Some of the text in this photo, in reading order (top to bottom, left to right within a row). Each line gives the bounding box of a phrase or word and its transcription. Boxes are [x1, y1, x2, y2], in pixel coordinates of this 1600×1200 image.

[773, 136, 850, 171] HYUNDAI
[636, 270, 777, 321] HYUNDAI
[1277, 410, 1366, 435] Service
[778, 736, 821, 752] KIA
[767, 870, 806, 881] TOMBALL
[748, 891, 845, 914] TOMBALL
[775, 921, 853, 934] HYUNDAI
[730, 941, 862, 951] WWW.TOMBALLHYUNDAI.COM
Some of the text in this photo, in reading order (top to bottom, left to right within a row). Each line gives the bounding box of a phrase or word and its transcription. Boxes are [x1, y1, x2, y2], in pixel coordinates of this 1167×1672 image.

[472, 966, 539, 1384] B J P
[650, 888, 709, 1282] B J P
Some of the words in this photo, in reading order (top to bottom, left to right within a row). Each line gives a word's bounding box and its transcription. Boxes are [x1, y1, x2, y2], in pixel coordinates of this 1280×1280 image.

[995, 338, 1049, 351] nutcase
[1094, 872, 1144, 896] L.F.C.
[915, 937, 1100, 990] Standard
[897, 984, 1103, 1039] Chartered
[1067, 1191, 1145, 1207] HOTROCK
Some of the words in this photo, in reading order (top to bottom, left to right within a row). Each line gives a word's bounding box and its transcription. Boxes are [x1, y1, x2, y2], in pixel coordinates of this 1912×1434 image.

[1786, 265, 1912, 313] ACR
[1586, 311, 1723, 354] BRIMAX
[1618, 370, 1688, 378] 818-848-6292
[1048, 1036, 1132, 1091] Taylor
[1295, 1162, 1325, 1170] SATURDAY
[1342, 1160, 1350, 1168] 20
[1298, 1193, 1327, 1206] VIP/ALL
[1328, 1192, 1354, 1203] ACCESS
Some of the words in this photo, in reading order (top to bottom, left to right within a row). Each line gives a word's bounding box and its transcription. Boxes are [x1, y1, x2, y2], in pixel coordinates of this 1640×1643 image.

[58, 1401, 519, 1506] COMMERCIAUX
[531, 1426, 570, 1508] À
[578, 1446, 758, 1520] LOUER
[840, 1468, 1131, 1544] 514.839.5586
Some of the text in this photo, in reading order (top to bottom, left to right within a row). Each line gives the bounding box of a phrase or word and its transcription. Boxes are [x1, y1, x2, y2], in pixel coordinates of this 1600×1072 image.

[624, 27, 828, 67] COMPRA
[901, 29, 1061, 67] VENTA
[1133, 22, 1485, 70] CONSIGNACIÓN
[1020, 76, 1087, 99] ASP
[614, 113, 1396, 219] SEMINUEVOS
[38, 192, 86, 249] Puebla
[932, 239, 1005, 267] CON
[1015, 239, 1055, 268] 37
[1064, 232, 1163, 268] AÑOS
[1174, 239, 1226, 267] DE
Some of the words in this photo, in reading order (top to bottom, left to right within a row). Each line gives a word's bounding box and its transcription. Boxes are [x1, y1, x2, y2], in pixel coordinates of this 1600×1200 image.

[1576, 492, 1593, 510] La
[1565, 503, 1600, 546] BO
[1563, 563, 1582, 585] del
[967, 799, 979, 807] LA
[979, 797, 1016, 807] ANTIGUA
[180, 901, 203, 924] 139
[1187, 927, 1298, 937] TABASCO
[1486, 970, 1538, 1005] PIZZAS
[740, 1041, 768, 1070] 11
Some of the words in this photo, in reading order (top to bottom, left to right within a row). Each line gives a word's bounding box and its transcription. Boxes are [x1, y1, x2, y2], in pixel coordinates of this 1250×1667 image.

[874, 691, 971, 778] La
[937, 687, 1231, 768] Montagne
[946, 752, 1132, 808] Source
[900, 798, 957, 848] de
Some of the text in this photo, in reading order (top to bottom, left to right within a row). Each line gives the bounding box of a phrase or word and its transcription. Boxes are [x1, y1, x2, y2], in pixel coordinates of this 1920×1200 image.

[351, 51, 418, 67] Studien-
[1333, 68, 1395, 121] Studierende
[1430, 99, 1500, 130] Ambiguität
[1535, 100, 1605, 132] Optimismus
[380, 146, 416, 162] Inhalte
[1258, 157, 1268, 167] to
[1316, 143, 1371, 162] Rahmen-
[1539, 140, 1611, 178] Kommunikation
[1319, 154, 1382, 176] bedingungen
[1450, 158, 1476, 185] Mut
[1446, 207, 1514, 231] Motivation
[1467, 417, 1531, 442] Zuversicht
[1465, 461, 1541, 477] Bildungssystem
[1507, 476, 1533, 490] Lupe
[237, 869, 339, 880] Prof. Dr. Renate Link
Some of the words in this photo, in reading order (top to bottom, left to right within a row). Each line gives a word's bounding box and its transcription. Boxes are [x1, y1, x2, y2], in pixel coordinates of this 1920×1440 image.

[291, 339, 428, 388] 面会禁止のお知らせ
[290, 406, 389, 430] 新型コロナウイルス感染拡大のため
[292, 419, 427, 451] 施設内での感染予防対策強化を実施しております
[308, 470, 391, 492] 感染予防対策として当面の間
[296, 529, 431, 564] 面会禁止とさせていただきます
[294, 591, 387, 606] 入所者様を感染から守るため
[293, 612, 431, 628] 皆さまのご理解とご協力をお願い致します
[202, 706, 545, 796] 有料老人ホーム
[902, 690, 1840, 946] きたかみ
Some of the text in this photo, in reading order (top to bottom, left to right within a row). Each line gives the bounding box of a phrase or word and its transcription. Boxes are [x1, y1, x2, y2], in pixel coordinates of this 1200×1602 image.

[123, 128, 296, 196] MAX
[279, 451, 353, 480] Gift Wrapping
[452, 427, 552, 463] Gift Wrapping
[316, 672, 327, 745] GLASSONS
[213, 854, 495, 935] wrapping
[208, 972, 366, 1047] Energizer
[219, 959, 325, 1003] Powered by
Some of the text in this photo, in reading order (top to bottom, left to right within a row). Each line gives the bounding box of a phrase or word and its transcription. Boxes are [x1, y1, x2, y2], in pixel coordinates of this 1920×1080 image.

-------

TASK INSTRUCTIONS
Reproduce all the data exactly. Include every line.

PROBLEM SOLUTION
Some of the text in this photo, in reading order (top to bottom, left to right within a row). Each line gives the bounding box of a phrase or word and its transcription. Boxes are [x1, y1, x2, y2], in pixel coordinates of this 1600×1200 image.

[773, 136, 850, 171] HYUNDAI
[636, 270, 777, 321] HYUNDAI
[1277, 410, 1366, 435] Service
[778, 736, 821, 752] KIA
[767, 870, 806, 881] TOMBALL
[748, 891, 845, 914] TOMBALL
[775, 921, 853, 934] HYUNDAI
[730, 941, 862, 951] WWW.TOMBALLHYUNDAI.COM
Some of the text in this photo, in reading order (top to bottom, left to right within a row). Each line gives the bounding box of a phrase or word and its transcription. Boxes are [x1, y1, x2, y2], in pixel coordinates of this 1167×1672 image.

[472, 966, 539, 1384] B J P
[650, 888, 709, 1282] B J P
Some of the words in this photo, in reading order (top to bottom, left to right within a row). Each line gives a word's bounding box and its transcription. Boxes are [x1, y1, x2, y2], in pixel coordinates of this 1280×1280 image.

[995, 338, 1049, 351] nutcase
[1094, 872, 1144, 896] L.F.C.
[915, 937, 1100, 990] Standard
[897, 984, 1103, 1039] Chartered
[1067, 1191, 1145, 1207] HOTROCK
Some of the words in this photo, in reading order (top to bottom, left to right within a row). Each line gives a word's bounding box and its transcription. Boxes are [x1, y1, x2, y2], in pixel coordinates of this 1912×1434 image.

[1786, 265, 1912, 313] ACR
[1586, 311, 1723, 354] BRIMAX
[1618, 370, 1688, 378] 818-848-6292
[1048, 1036, 1132, 1091] Taylor
[1295, 1162, 1325, 1170] SATURDAY
[1342, 1160, 1350, 1168] 20
[1298, 1193, 1327, 1206] VIP/ALL
[1328, 1192, 1354, 1203] ACCESS
Some of the words in this photo, in reading order (top to bottom, left to right within a row). Each line gives a word's bounding box and its transcription. Boxes are [x1, y1, x2, y2], in pixel coordinates of this 1640×1643 image.

[58, 1401, 519, 1506] COMMERCIAUX
[531, 1426, 570, 1508] À
[578, 1446, 758, 1520] LOUER
[840, 1468, 1131, 1544] 514.839.5586
Some of the text in this photo, in reading order (top to bottom, left to right within a row). Each line gives the bounding box of a phrase or word and its transcription. Boxes are [x1, y1, x2, y2], in pixel coordinates of this 1600×1072 image.

[624, 27, 828, 67] COMPRA
[901, 29, 1061, 67] VENTA
[1133, 22, 1485, 70] CONSIGNACIÓN
[1020, 76, 1087, 99] ASP
[614, 113, 1396, 219] SEMINUEVOS
[38, 192, 86, 249] Puebla
[932, 239, 1005, 267] CON
[1015, 239, 1055, 268] 37
[1064, 232, 1163, 268] AÑOS
[1174, 239, 1226, 267] DE
Some of the words in this photo, in reading order (top to bottom, left to right within a row). Each line gives a word's bounding box and its transcription. Boxes are [x1, y1, x2, y2], in pixel coordinates of this 1600×1200 image.

[1576, 492, 1593, 510] La
[1565, 503, 1600, 546] BO
[1563, 563, 1582, 585] del
[967, 799, 979, 807] LA
[979, 797, 1016, 807] ANTIGUA
[180, 901, 203, 924] 139
[1187, 927, 1298, 937] TABASCO
[1486, 970, 1538, 1005] PIZZAS
[740, 1041, 768, 1070] 11
Some of the words in this photo, in reading order (top to bottom, left to right within a row). Each line gives a word's bounding box and its transcription. Boxes are [x1, y1, x2, y2], in pixel coordinates of this 1250×1667 image.

[874, 691, 971, 778] La
[937, 687, 1231, 768] Montagne
[946, 752, 1132, 808] Source
[900, 798, 957, 848] de
Some of the text in this photo, in reading order (top to bottom, left to right within a row). Each line gives the bounding box of a phrase or word and its transcription. Boxes are [x1, y1, x2, y2], in pixel coordinates of this 1920×1200 image.

[351, 51, 418, 67] Studien-
[1333, 68, 1395, 121] Studierende
[1430, 99, 1500, 130] Ambiguität
[1535, 100, 1605, 132] Optimismus
[380, 146, 416, 162] Inhalte
[1258, 157, 1268, 167] to
[1316, 143, 1371, 162] Rahmen-
[1539, 140, 1611, 178] Kommunikation
[1319, 154, 1382, 176] bedingungen
[1450, 158, 1476, 185] Mut
[1446, 207, 1514, 231] Motivation
[1467, 417, 1531, 442] Zuversicht
[1465, 461, 1541, 477] Bildungssystem
[1507, 476, 1533, 490] Lupe
[237, 869, 339, 880] Prof. Dr. Renate Link
Some of the words in this photo, in reading order (top to bottom, left to right within a row). Each line gives a word's bounding box and its transcription. Boxes are [x1, y1, x2, y2], in pixel coordinates of this 1920×1440 image.

[291, 339, 428, 388] 面会禁止のお知らせ
[290, 406, 389, 430] 新型コロナウイルス感染拡大のため
[292, 419, 427, 451] 施設内での感染予防対策強化を実施しております
[308, 470, 391, 492] 感染予防対策として当面の間
[296, 529, 431, 564] 面会禁止とさせていただきます
[294, 591, 387, 606] 入所者様を感染から守るため
[293, 612, 431, 628] 皆さまのご理解とご協力をお願い致します
[202, 706, 545, 796] 有料老人ホーム
[902, 690, 1840, 946] きたかみ
Some of the text in this photo, in reading order (top to bottom, left to right within a row). Each line gives the bounding box of a phrase or word and its transcription. Boxes are [x1, y1, x2, y2], in pixel coordinates of this 1200×1602 image.

[123, 128, 296, 196] MAX
[279, 451, 353, 480] Gift Wrapping
[452, 427, 552, 463] Gift Wrapping
[316, 672, 327, 745] GLASSONS
[213, 854, 495, 935] wrapping
[208, 972, 366, 1047] Energizer
[219, 959, 325, 1003] Powered by
Some of the text in this photo, in reading order (top to bottom, left to right within a row). Each line gives the bounding box of a phrase or word and its transcription. Boxes are [x1, y1, x2, y2], in pixel coordinates of this 1920×1080 image.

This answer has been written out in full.